Kinetics of DNases after hematopoietic stem cell transplant

Abstract

The entire hematopoietic system is rapidly lysed over 8 to 10 days during hematopoietic stem cell transplant (HSCT), releasing toxic intracellular molecules such as cell-free DNA (cfDNA) and proteins such as actin into the circulation. Neutrophil extracellular traps released at the time of engraftment also contribute to the cfDNA burden. Clearance of cfDNA is essential for limiting tissue toxicity. We measured levels of cfDNA, DNase I and DNase1L3 in 108 consecutive patients receiving allogeneic HSCT at baseline and on days 0, 7, 14, 30, and 100. cfDNA levels peak at day 14 and are higher in patients with endothelial injury.

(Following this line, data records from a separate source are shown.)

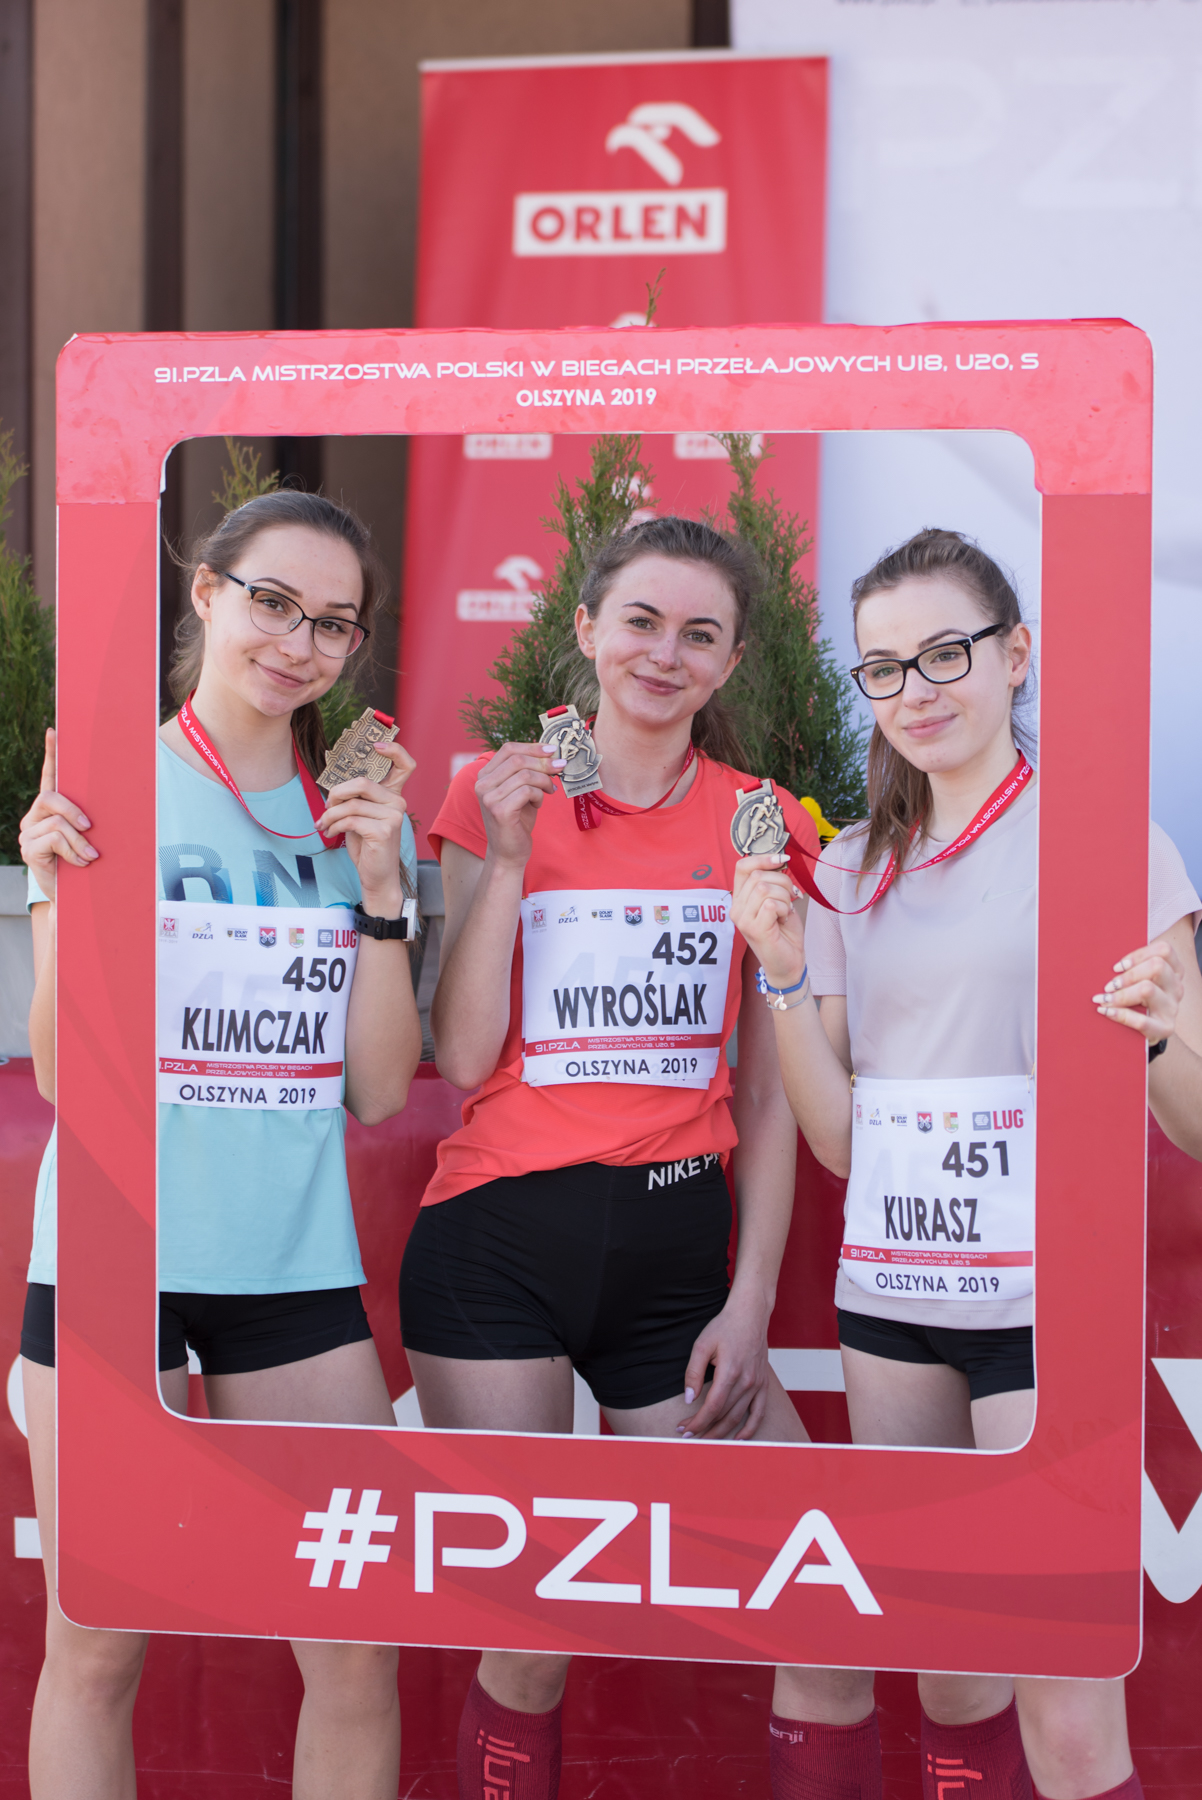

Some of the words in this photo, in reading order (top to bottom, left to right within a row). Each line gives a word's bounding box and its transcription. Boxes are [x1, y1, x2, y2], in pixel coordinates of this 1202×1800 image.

[531, 203, 707, 243] ORLEN
[154, 366, 247, 383] 91.PZLA
[251, 363, 432, 381] MISTRZOSTWA
[436, 361, 524, 378] POLSKI
[530, 360, 556, 377] W
[561, 358, 671, 377] BIEGACH
[677, 356, 891, 375] PRZEŁAJOWYCH
[898, 354, 948, 373] U18,
[955, 353, 1014, 371] U20,
[1020, 353, 1039, 370] S
[516, 389, 606, 407] OLSZYNA
[610, 388, 657, 405] 2019
[700, 905, 726, 922] LUG
[335, 930, 357, 948] LUG
[652, 932, 718, 965] 452
[282, 956, 346, 993] 450
[554, 971, 708, 1030] WYROŚLAK
[182, 1006, 328, 1054] KLIMCZAK
[535, 1041, 580, 1052] 91.PZLA
[566, 1058, 650, 1077] OLSZYNA
[661, 1057, 698, 1074] 2019
[180, 1084, 267, 1104] OLSZYNA
[278, 1088, 316, 1104] 2019
[993, 1109, 1024, 1130] LUG
[648, 1156, 700, 1190] NIKE
[942, 1140, 1009, 1178] 451
[884, 1196, 981, 1243] KURASZ
[876, 1272, 948, 1292] OLSZYNA
[958, 1277, 1000, 1293] 2019
[294, 1488, 884, 1615] #PZLA

DNase I levels are depleted on day 7, recovering quickly by day 14, and remain above baseline at day 100. DNase1L3 levels decreased below baseline at day 0, reached a nadir by day 7, but recovered by day 30 remaining above baseline at day 100. Patients with a periengraftment oxygen requirement and those with transplant-associated thrombotic microangiopathy had higher DNase I levels than those without. DNase1L3 levels did not influence any HSCT outcomes. We analyzed DNase I activity using plasmid DNA degradation and showed decreased activity on days 0 and 7, in agreement with reduced protein levels. Further studies are needed to understand the dynamics of DNases in patients undergoing HSCT, to assess their potential role in HSCT toxicities.